Looking forward into a new decade it’s our duty as a social sector to ensure that by 2030 homelessness is no longer destroying lives and damaging communities.
Looking back to the start of the last decade things looked promising—homelessness by all measures was at historic lows and innovative concepts and practices were being embraced. The first UK Housing First trials were starting; personalisation was a buzz word and there was a diversity of services to meet the differing needs of people experiencing homelessness. Nevertheless, this was also the beginning of financial uncertainty, political change and the advent of austerity for the UK. A ‘conservative’ calculation would indicate rough sleeping has increased by 165% since 2010. That’s just the tip of the iceberg.
Despite this, we can’t and shouldn’t ignore the positive steps that have been taken. There is increased dialogue around the connection between health and homelessness, recognising good health creates a foundation for moving out of homelessness. Recognition has also grown around the power of participation, acknowledging that people should have a say in the decisions that affect their lives. Our understanding of the causes and consequences of homelessness has also improved; trauma and gender informed practices being embraced is a key example of this.
From the perspectives of those who are being supported
When Groundswell conducts research and we ask about how people who are homeless want to be supported, they aren’t necessarily concerned by the theoretical and policy underpinning practice. Instead good support means:
- Consistency—building up a personal relationship with the person supporting you, knowing you can depend on them
- Compassion—seeing the individual, not putting people in boxes based on their ‘needs’.
- Flexibility—Going the extra mile when needed and adapting delivery to the individual.
- Having choice and control over decisions.
However, when we ask people affected by homelessness about the support they receive, the feedback tends to be that the system is getting more rigid. While there are pockets of innovative approaches, increasingly people are falling through the gaps.
An inward-looking sector
Our response to homelessness as a sector is inherently inward-looking in terms of the solutions on offer and the lens that we have for creating change. Our model of working often segregates people from the wider community; homelessness is seen before any other need. The stigma and circumstances around homelessness means that people can struggle to access mainstream services, their ‘homelessness’ overrides any other challenges. In doing this the system embeds ‘homelessness’ as condition to be treated not a consequence of wider structural and personal issues. for which homelessness is a consequence.
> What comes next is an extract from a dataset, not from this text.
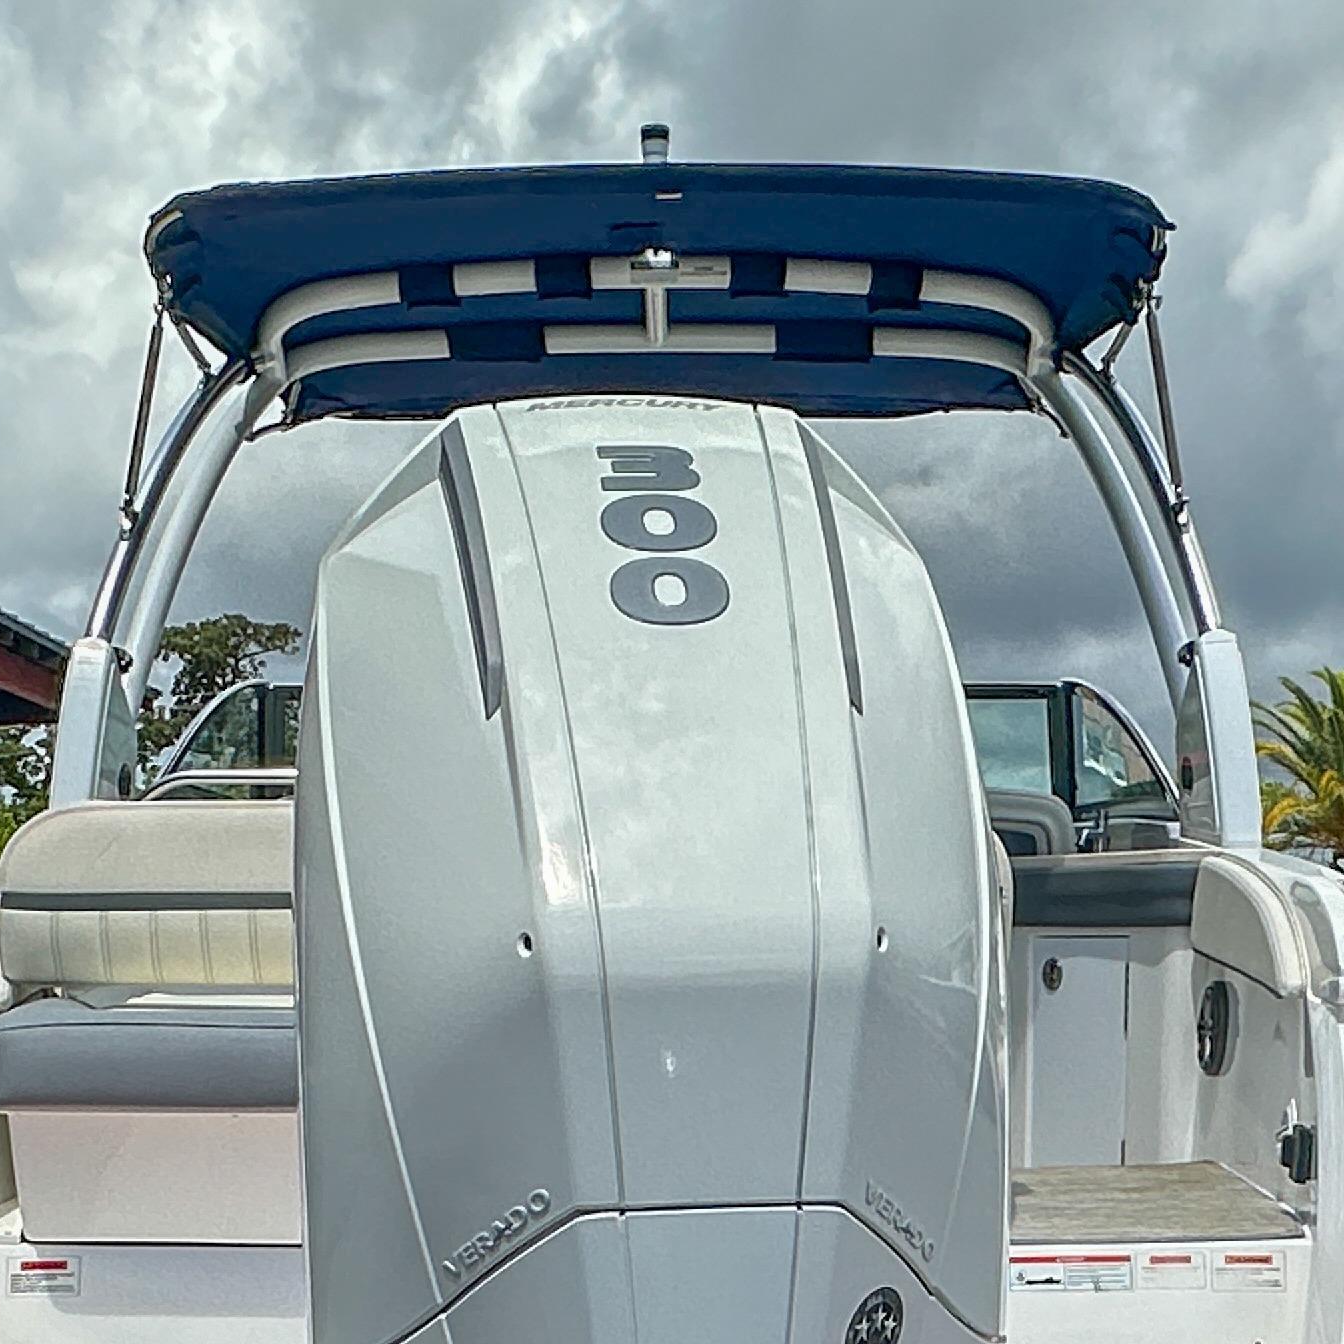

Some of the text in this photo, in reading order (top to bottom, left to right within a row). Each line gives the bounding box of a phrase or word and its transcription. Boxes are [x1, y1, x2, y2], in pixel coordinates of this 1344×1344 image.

[525, 398, 728, 412] MERCURY
[596, 445, 730, 626] 300
[442, 1188, 551, 1278] VERADO
[864, 1179, 935, 1263] VERADO
The archetypal example of this is how we place people in temporary accommodation. We house people in segregated buildings that focus on controlling behaviour and rewarding compliance. Hostels are rarely an environment for recovery, proximity with people with other challenges creates a difficult environment to live in. We work with incredible staff in hostels across London and further afield, but the reality is they are often poorly paid, lack support, have large caseloads and often don’t have access to the adequate training required to support people as individuals. When we ask people who are affected by homelessness what the solution is, it’s homes, not hostels.
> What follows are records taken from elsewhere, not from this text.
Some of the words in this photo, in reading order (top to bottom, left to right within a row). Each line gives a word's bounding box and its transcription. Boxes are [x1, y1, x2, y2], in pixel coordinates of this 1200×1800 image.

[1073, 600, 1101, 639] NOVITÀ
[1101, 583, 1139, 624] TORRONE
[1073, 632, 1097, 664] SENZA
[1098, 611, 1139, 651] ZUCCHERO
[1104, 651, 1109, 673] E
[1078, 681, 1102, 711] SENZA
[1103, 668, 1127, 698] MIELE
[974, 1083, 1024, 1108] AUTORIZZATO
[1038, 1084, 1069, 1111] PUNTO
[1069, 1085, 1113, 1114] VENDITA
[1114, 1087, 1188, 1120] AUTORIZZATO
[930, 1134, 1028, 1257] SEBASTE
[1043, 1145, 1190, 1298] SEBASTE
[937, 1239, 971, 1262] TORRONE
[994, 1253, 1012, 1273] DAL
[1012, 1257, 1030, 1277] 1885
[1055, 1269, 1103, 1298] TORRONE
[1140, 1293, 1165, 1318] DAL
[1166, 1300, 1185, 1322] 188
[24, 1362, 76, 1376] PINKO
Hostels are representative of the short-term fixes and crisis management model that we have been forced to adopt by a lack of resource. This lack of resource extends across the health and social care sector, systems focusing on the bottom-line and not on people.
An outward looking sector
As a sector we need to be focused on changing society and the systems within it. At Groundswell what we have found effective is re-framing the issue of homelessness around health. We want to see a more equitable healthcare system for all, but to achieve that it takes collaboration with the NHS, homelessness services and people who have experience of using both.
At Groundswell two thirds of our staff and all our volunteers have had personal experience of homelessness. I’ve seen an abundance of insight, compassion and creativity through working with my colleagues, and what strikes me most as homelessness increases is the sheer waste that it represents. We need to harness and use that experience to shape the solutions that are created to homelessness.
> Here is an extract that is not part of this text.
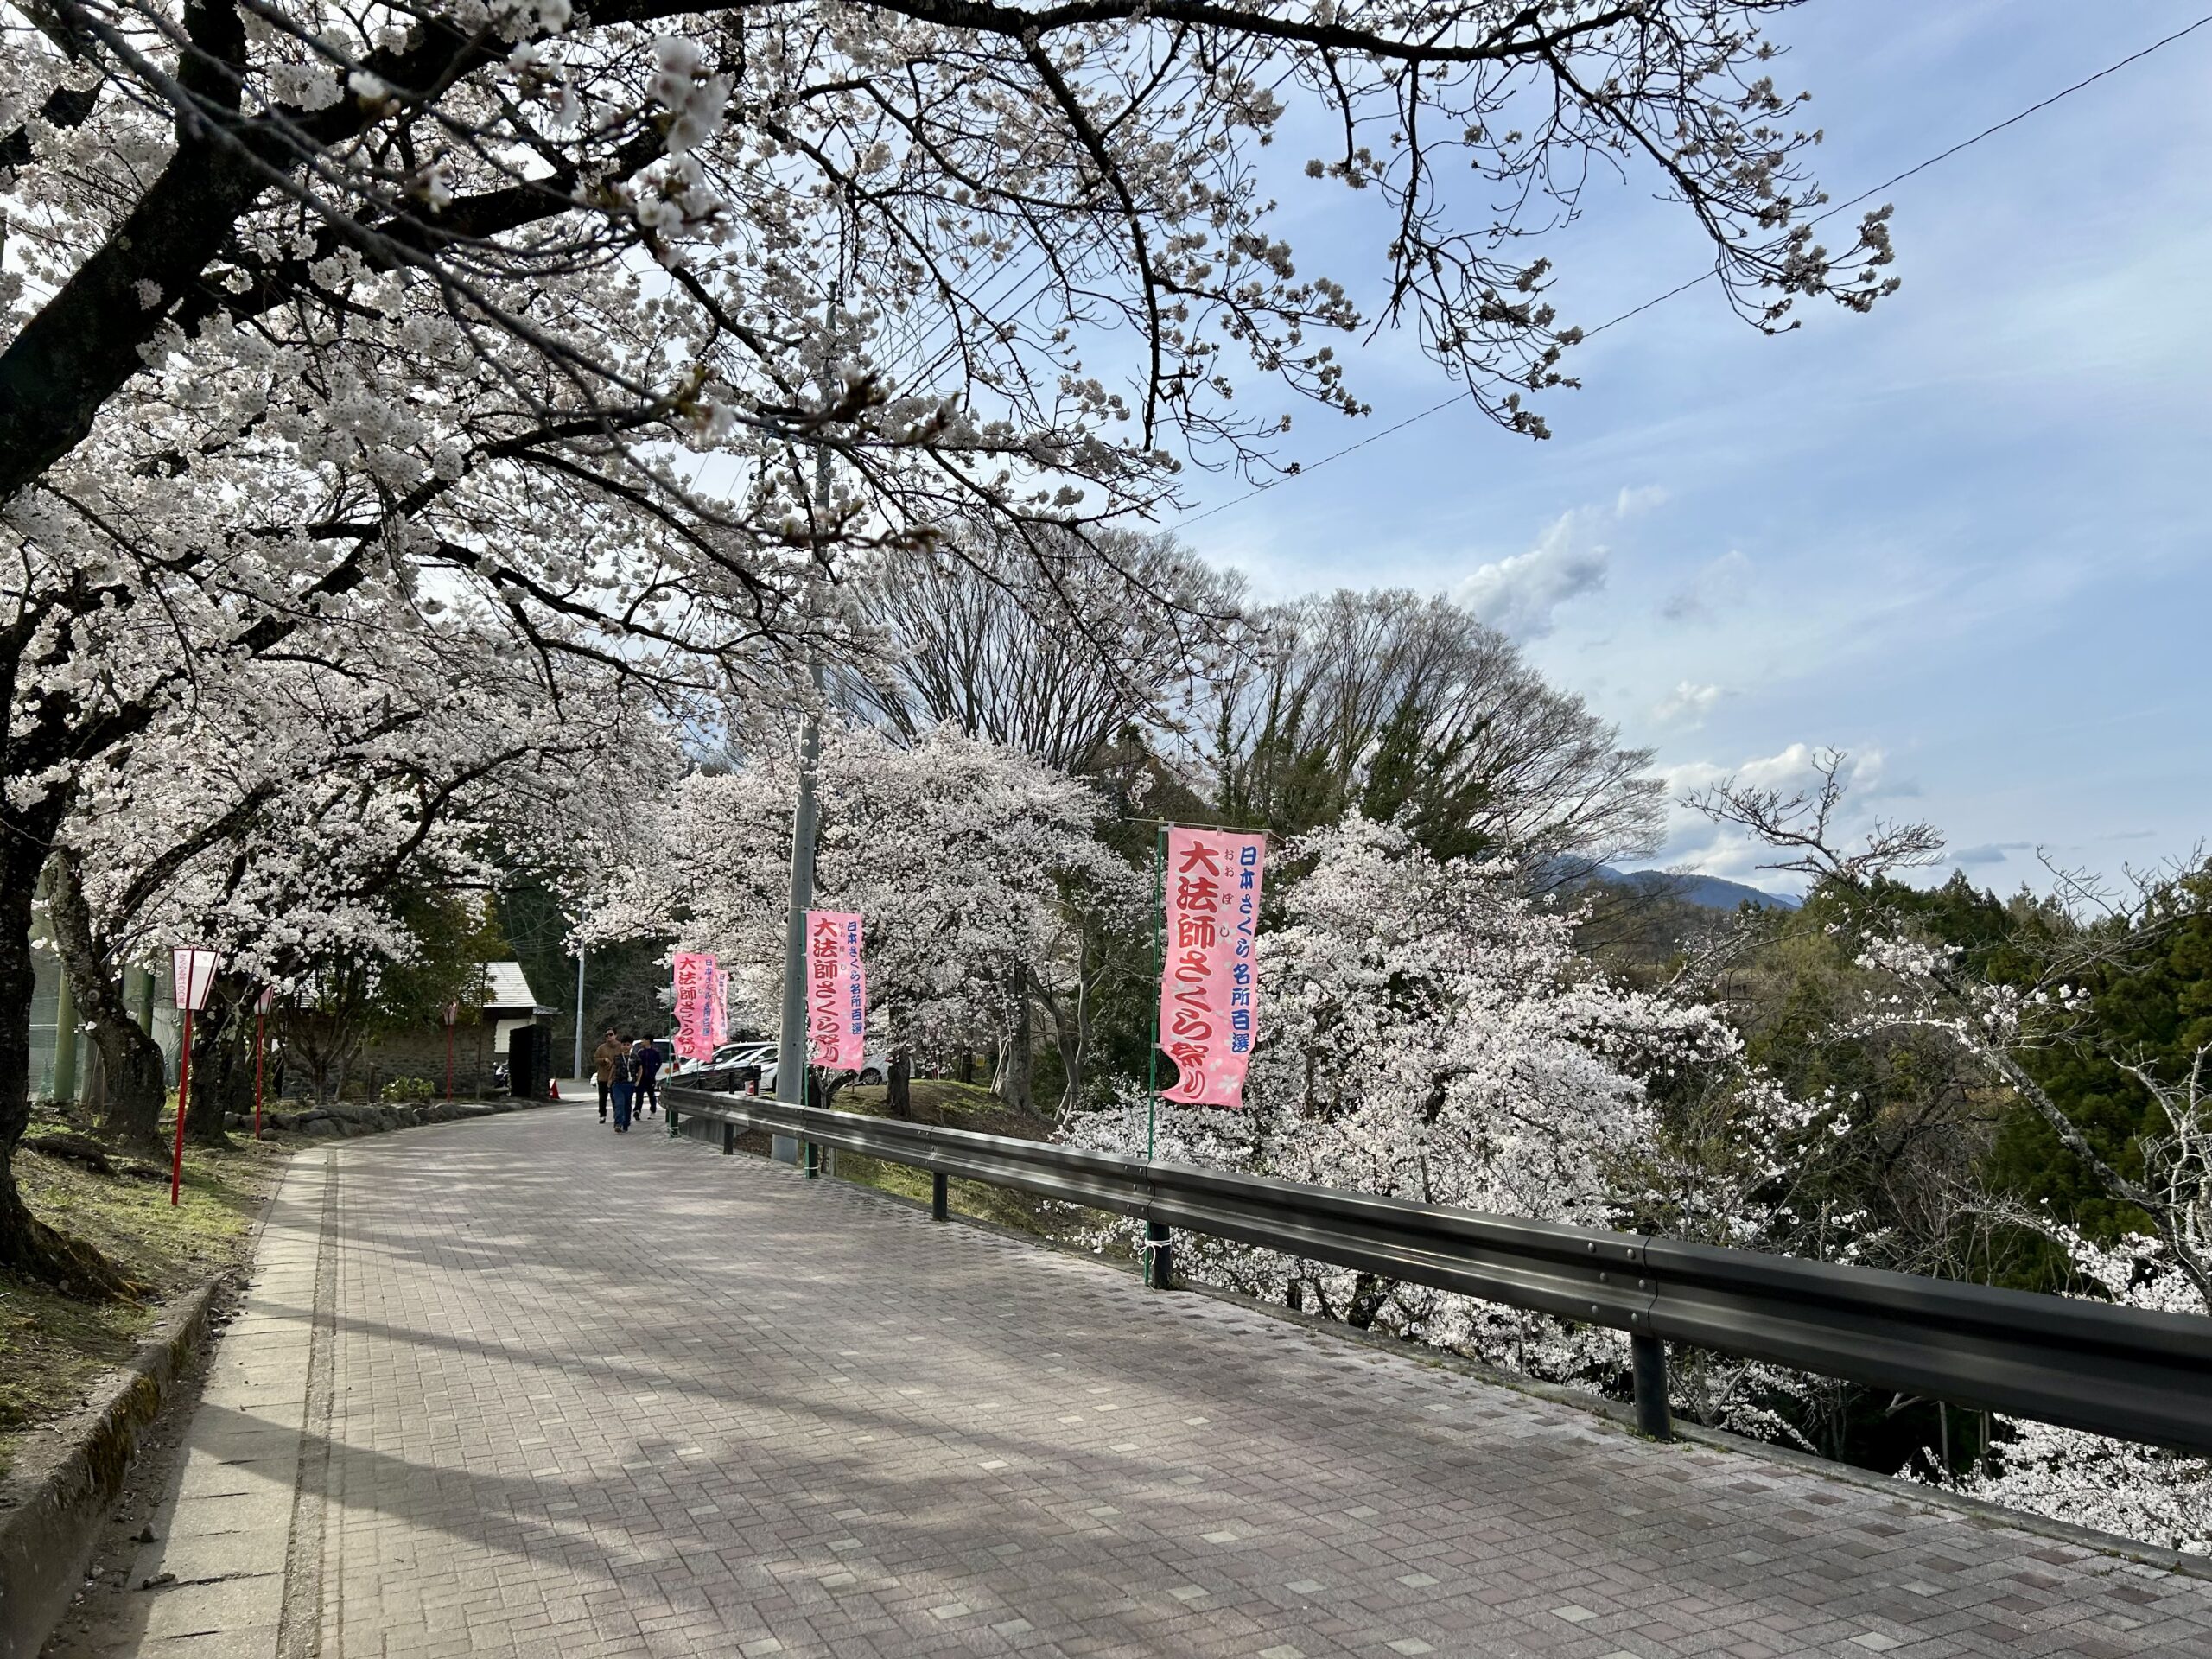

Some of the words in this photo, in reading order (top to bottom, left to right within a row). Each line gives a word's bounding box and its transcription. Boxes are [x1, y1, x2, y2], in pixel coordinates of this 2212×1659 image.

[1170, 841, 1220, 1099] 大法師さくら祭り
[1219, 849, 1235, 938] おおぼし
[1231, 846, 1258, 1053] 日本さくら名所百選
[847, 921, 862, 1035] 日本さくら名所百選
The process of participation can itself be transformative for people. For example, over 50% of our staff were once volunteers at Groundswell; former volunteer peer advocates now work in the NHS as Nurses and Healthcare Assistants and others have gone on to work in homelessness support services. What better way is there to challenge perceptions of homelessness than to work alongside or to be cared for by someone who has been homeless themselves.
Looking forward 10 years
Looking forward ten years, we need to be able to work flexibly, in a system that can cope with complex needs and responds with compassionate, personalised support. There needs to be more opportunities created that utilise the skills, knowledge and experience of people who have been homeless, to inform the solutions to this national crisis. To achieve this we need to become an outward looking sector that creates change in society, with solutions generated through lived experience.